A phishing email arrives. The recipient address displays free-achats@votredomaine.com. You immediately know what happened: Free sold or lost your data. No need to investigate further. This is what a correctly used email alias can do. Most guides present it as an anti-spam filter. This underestimates the tool. A well-configured alias is a passive tracker that documents the reliability of each service you’re signed up with and allows you to cut off contact with one click if something goes wrong.
What is an email alias?
An email alias is a secondary address that automatically forwards all received messages to a primary inbox without creating a separate account or separate storage. You manage everything from a single interface but can receive and send from multiple identities.
The distinction with a secondary account is technical but concrete. An email alias stores no messages server-side: it forwards in real time to your existing inbox. A secondary account has its own credentials, its own storage, and requires a separate login. For a solopreneur managing contact@, factures@, and support@, three aliases are better than three inboxes to clear out each morning.
There are two distinct technical methods. Subaddressing (the “plus” method) involves adding a label after your username: alice+free@gmail.com. Simple, free, but the base name remains visible if you remove what follows the “+”. In contrast, dedicated alias services such as SimpleLogin, Proton Pass, or Addy generate a completely opaque address (xk7f3@simplelogin.io) with no visible link to your real identity.
Email alias as a data breach detection tool
This is the usage that few guides mention. According to the Verizon Data Breach Investigations Report 2025, 16% of confirmed data breaches began with a phishing attack. If each online registration uses a dedicated alias, you can immediately identify which company is the source of a breach as soon as that alias receives spam or phishing.
The functionality is straightforward: you create a unique alias per service (free-2026@votredomaine.com, spotify-free@votredomaine.com). If the alias spotify-free starts receiving phishing attempts, the source is clear. You disable the alias, create a new one for Spotify, and report the incident. The average cost of a data breach reached 4.44 million dollars in 2025 according to IBM Security. For an individual user, the concrete consequence is often the compromise of the main account. A distinct alias per service limits the impact radius to a single point of exposure.

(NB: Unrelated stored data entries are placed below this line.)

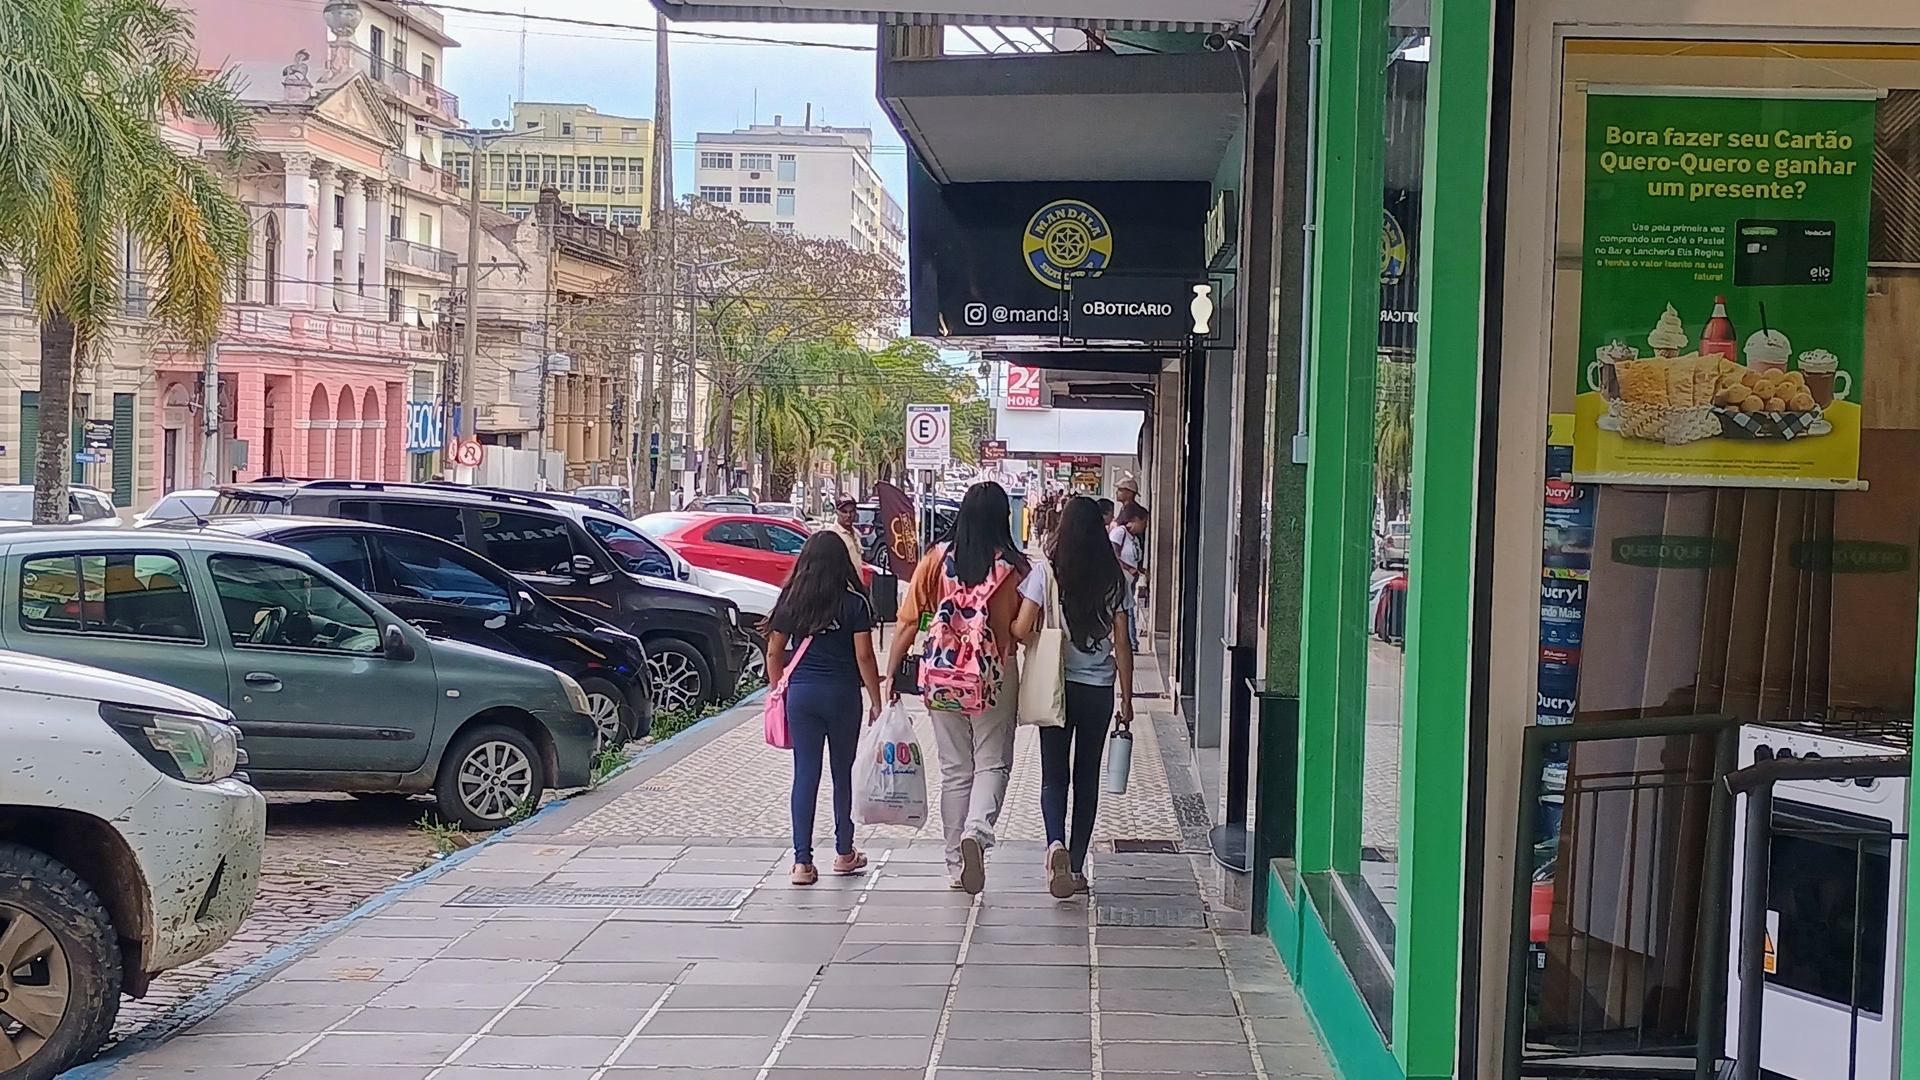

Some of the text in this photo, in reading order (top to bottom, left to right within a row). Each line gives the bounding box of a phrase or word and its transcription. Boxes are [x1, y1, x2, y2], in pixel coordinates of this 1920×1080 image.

[1606, 126, 1853, 150] Bora fazer seu Cartão
[1600, 151, 1857, 178] Quero-Quero e ganhar
[1648, 180, 1807, 202] um presente?
[1035, 208, 1101, 237] MANDALA
[1632, 223, 1726, 234] Use pela primeira vez
[1599, 235, 1650, 244] comprando
[1666, 235, 1688, 245] Café
[1697, 236, 1725, 246] Pastel
[1594, 247, 1607, 255] no
[1608, 246, 1623, 255] Bar
[1633, 246, 1675, 256] Lancheria
[1677, 247, 1693, 257] Elis
[1694, 248, 1725, 259] Regina
[1631, 260, 1639, 268] o
[1640, 260, 1663, 268] valor
[919, 420, 930, 438] E
[1559, 607, 1582, 619] Mais

This naming discipline isn’t complex. It just requires adopting a convention from the start and sticking to it. Security communities sometimes refer to this principle as โemail forensicsโ: the alias as proof of origin in case of dispute or incident.
Professional uses: organization and branding
In a business context, email aliases solve several common problems. The most frequent: functional addresses like contact@, support@, or billing@ allow requests to be redirected to the right person without exposing their personal address. When an employee leaves the company, the alias remains active and redirects to their replacement in seconds, without service interruption.
Google Workspace allows up to 30 aliases per user, expandable to 2,000 mappings via advanced routing configuration. Microsoft 365 Business goes up to 400 aliases per account depending on the plan. Free Outlook caps at 10 active aliases simultaneously. These limits cover almost all ordinary professional uses.
Freelancers and consultants also benefit from aliases to segment their clients: one alias per project makes sorting, billing, and archiving easier, without multiplying email inboxes to monitor every day.
When to use a dedicated alias service?
The aliases integrated into Google Workspace or Microsoft 365 are sufficient for standard professional needs. For serious privacy protection, specialized services go further. SimpleLogin (acquired by Proton in 2022), Addy (formerly AnonAddy), and Firefox Relay generate completely opaque aliases, with no visible relation to your real identity.
| Service | Free aliases | Paid plan price | Open source | Highlights |
|---|---|---|---|---|
| SimpleLogin (Proton) | 10 | โฌ4/month | Yes | Proton Mail integration, reply from alias |
| addy.io | Unlimited (limited bandwidth) | โฌ1/month | Yes | Self-hosting possible, advanced customization |
| Firefox Relay | 5 | โฌ1.99/month | Yes | Browser extension integrated with Firefox |
The key difference with Gmail subaddressing: here, the recipient cannot guess your real address. Even if the alias is compromised or resold, your main inbox remains unknown to the concerned service.
What email aliases do not do
An email alias does not encrypt your messages. It does not guarantee total anonymity if you reply from an email client that exposes metadata. It also does not protect against services that require phone verification or that tie access to your real account.
The limitation of subaddressing is well-documented: many forms reject addresses with the “+” character or, worse, silently remove it, redirecting to your base address. For reliable protection, the unique aliases generated by SimpleLogin or Addy are the only viable option.
Combined with a password manager and two-factor authentication, a well-managed alias significantly reduces the attack surface accessible from a compromised email address. It is not a solution in itself. It is a link in a chain of defense.